Les fractures plus complexes nécessitent un traitement chirurgical. Pour immobiliser les fragments d’os, le chirurgien les fixe avec des vis, des clous ou des plaques : c’est l’"ostéosynthèse". Elle a l’avantage de permettre une relative solidité ou une stabilité immédiate de la fracture. Après cicatrisation, le blessé peut plus rapidement se servir de son membre.

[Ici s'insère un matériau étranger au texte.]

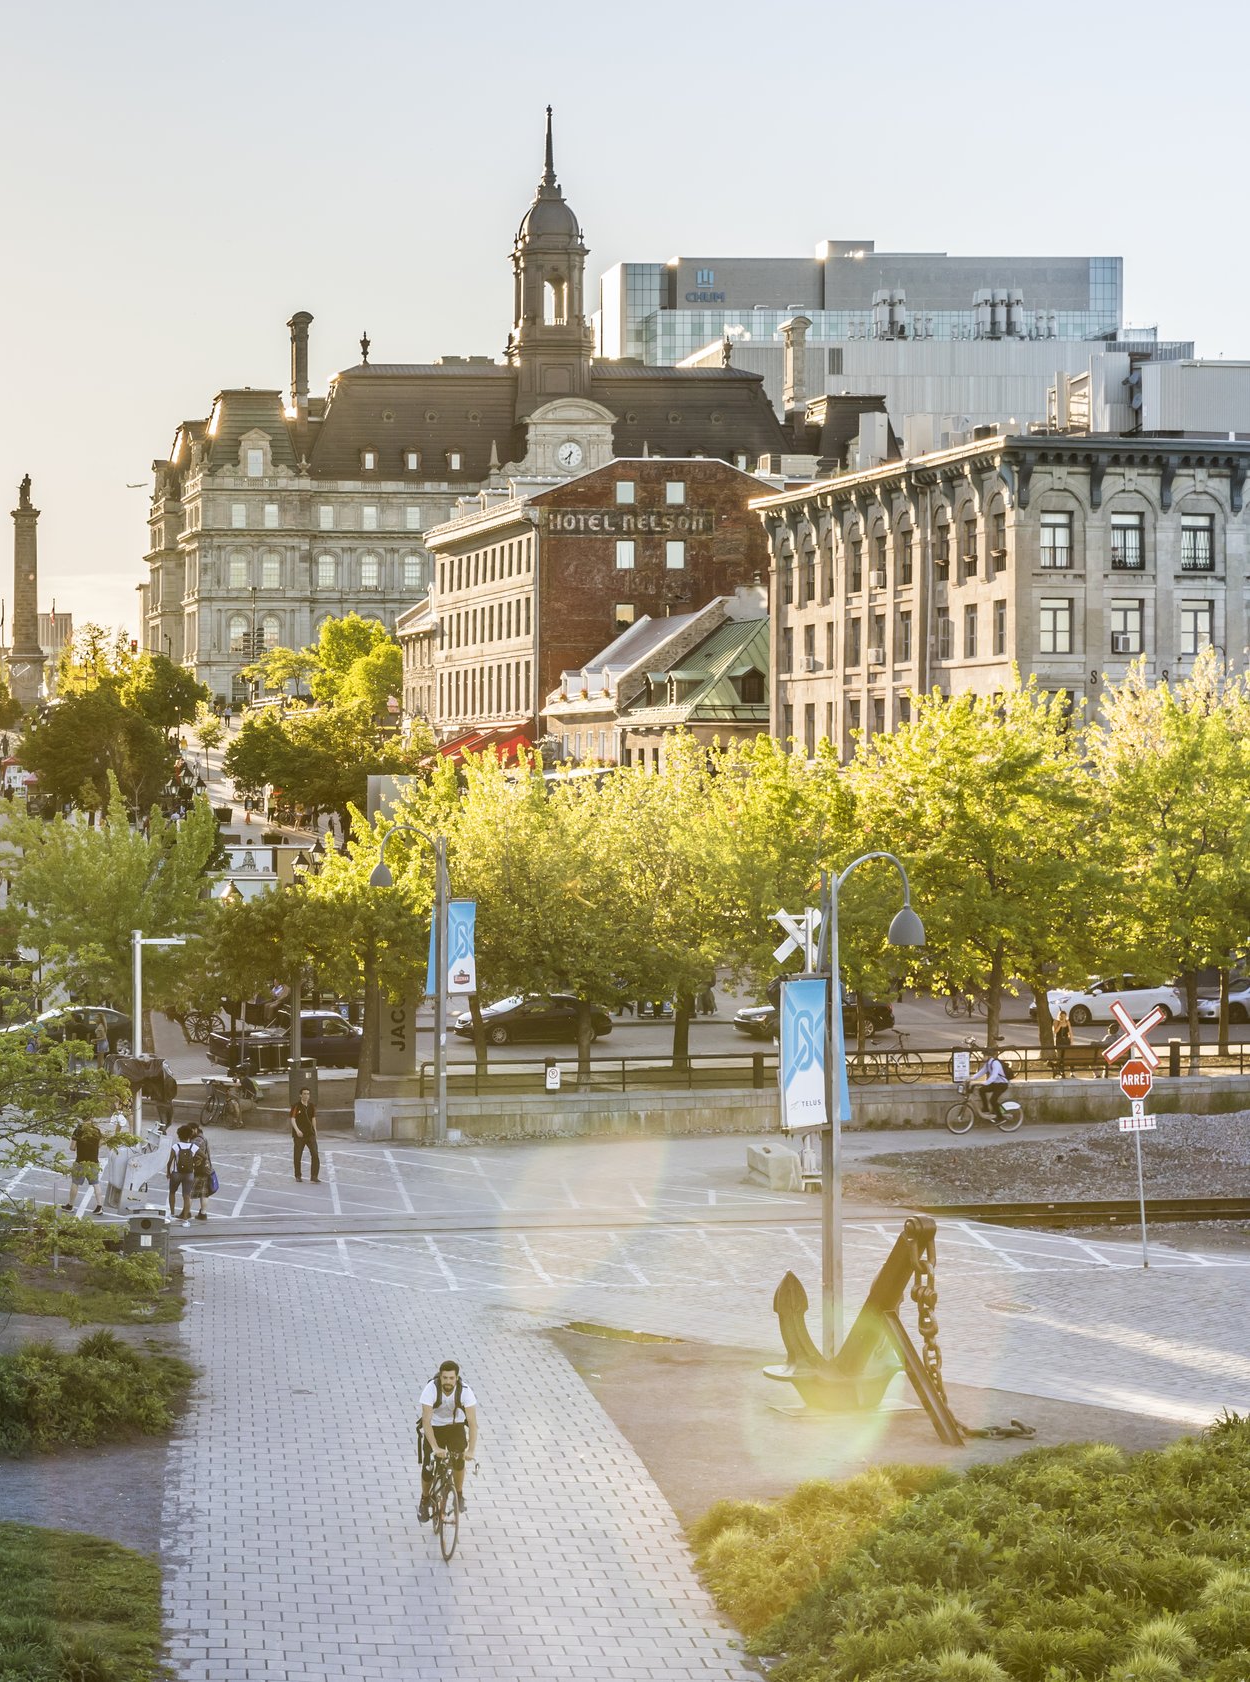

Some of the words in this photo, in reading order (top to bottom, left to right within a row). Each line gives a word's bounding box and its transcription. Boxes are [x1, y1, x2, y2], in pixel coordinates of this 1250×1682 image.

[686, 292, 725, 302] CHUM
[549, 513, 616, 531] HOTEL
[1122, 1072, 1151, 1086] ARRÊT
[802, 1099, 822, 1107] TELUS
[1135, 1103, 1141, 1114] 2
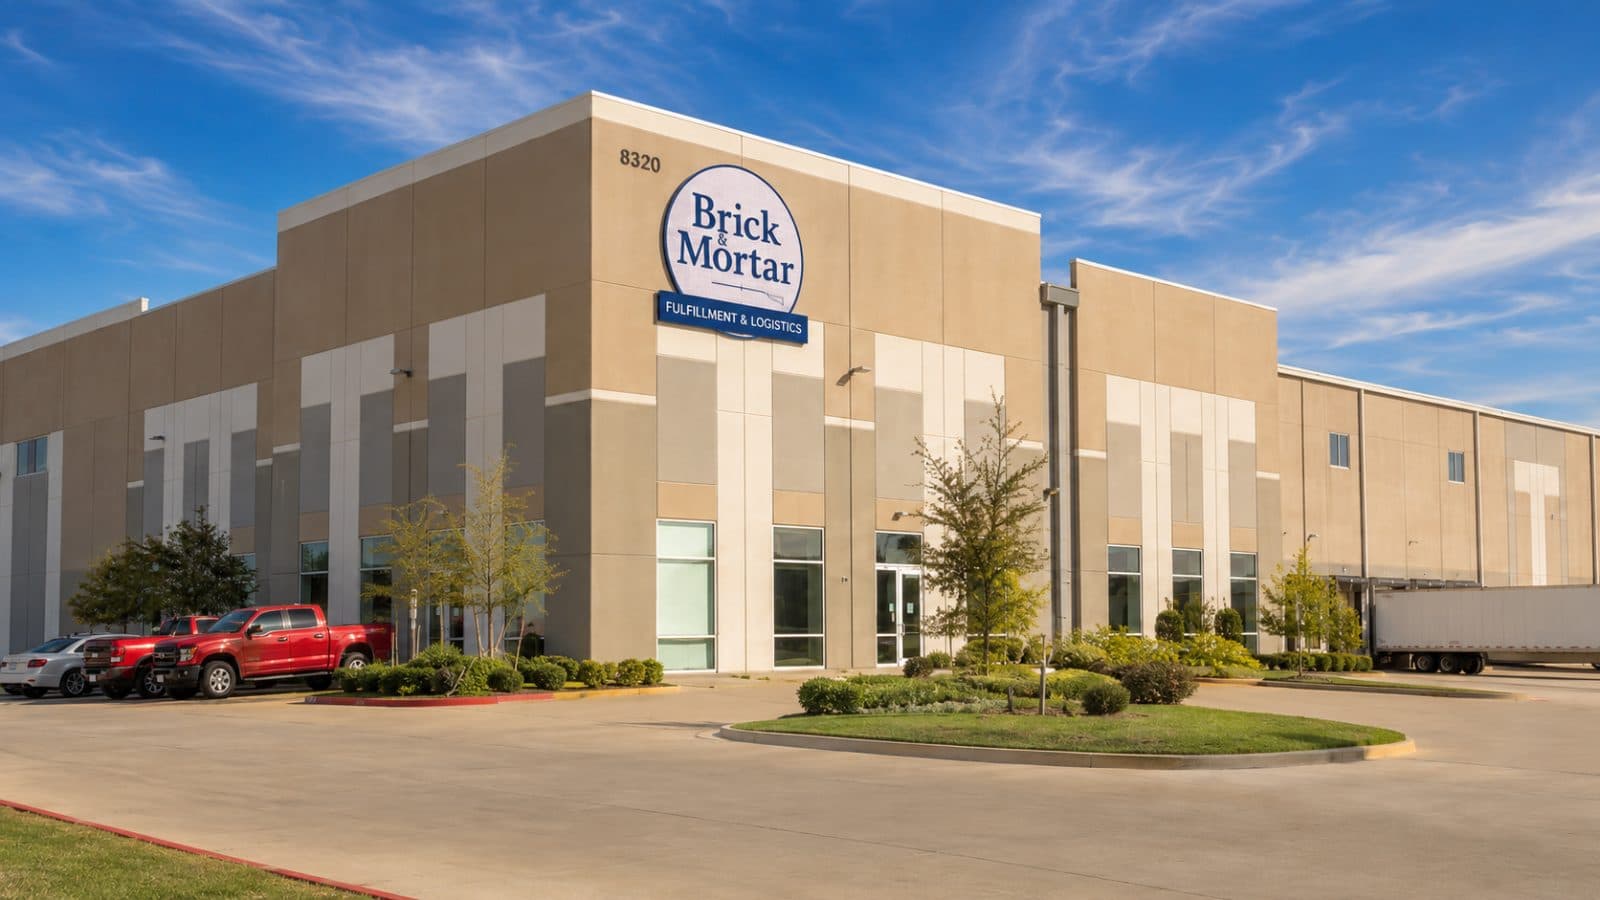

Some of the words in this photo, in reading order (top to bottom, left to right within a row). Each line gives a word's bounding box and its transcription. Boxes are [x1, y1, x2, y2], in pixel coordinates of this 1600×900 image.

[619, 149, 661, 173] 8320
[692, 191, 782, 246] Brick
[717, 233, 728, 246] &
[677, 229, 794, 285] Mortar
[665, 301, 738, 324] FULFILLMENT
[740, 314, 748, 326] &
[751, 315, 802, 334] LOGISTICS

"Le risque d’infection conduit les chirurgiens à recourir à de nouvelles pratiques, dites “à invasion minimalisée”, précise le Dr Msika. Les fractures des membres se trouvent réduites, alignées et maintenues par des méthodes externes sur des tables de traction de mieux en mieux conçues, c’est-à-dire agissant très sélectivement sur le foyer de fracture. Après vérification par radiographie de la qualité de cette réduction, des plaques d’ostéosynthèse sont introduites, pratiquement sous la peau, par des incisions moins étendues à proximité de la fracture." Cette technique conduit souvent à une consolidation plus rapide.

Consolidation de la fracture

"Curieusement, une personne âgée consolide une fracture comme une personne jeune, assure Hubert Tisal, médecin rééducateur et du sport. Le foyer de fracture libère les mêmes substances chimiques qui stimulent la réparation." Sous réserve d’une alimentation équilibrée, elle se fait en deux mois à deux mois et demi pour un os volumineux comme le tibia, en seulement un mois pour un petit os comme le métatarsien.

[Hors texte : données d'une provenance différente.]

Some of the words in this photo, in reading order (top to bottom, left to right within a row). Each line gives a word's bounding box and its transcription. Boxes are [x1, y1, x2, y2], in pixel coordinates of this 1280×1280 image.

"Pour certaines fractures où la consolidation semble tarder, nous pouvons utiliser des accélérateurs biologiques - protéine de morphogenèse ou cellules souches mésenchymateuses - propres à stimuler la production osseuse, indique le Dr Msika. Utilisés localement, ils activent la maturation du cal osseux." La phase de consolidation peut alors être réduite.

Une rééducation plus précoce

Les patients opérés et dont les fractures sont stabilisées peuvent commencer leur rééducation plus tôt grâce à la mise au point d’une série d’attelles mécanisées. "L’objectif est de revenir à l’état initial, explique le Dr Tisal. Les suites de certaines fractures articulaires du genou ou de la cheville se caractérisent par la raideur de l’articulation endommagée. D’autres s’accompagnent d’atrophie musculaire."

Le rôle du kinésithérapeute est alors primordial pour la récupération.

L’avis du Dr Hubert Tisal, médecin rééducateur et du sport

Dans les sports de combat ou l’équitation, les fractures sont la conséquence du traumatisme direct. Des personnes qui pratiquent le sport de manière intensive, plus de 50 km de course à pied par semaine, sont victimes de fractures de fatigue provoquées non par des chocs, mais par des microtraumatismes répétés. C’est le plus souvent un métatarsien qui se rompt.

Ces cassures, qui intéressent la structure de l’os, sont invisibles à la radio. Dans la pratique du ski, nous observons une augmentation de la fréquence des fractures de la jambe depuis que les fixations et les chaussures de ski sont conçues pour réduire le risque d’entorse.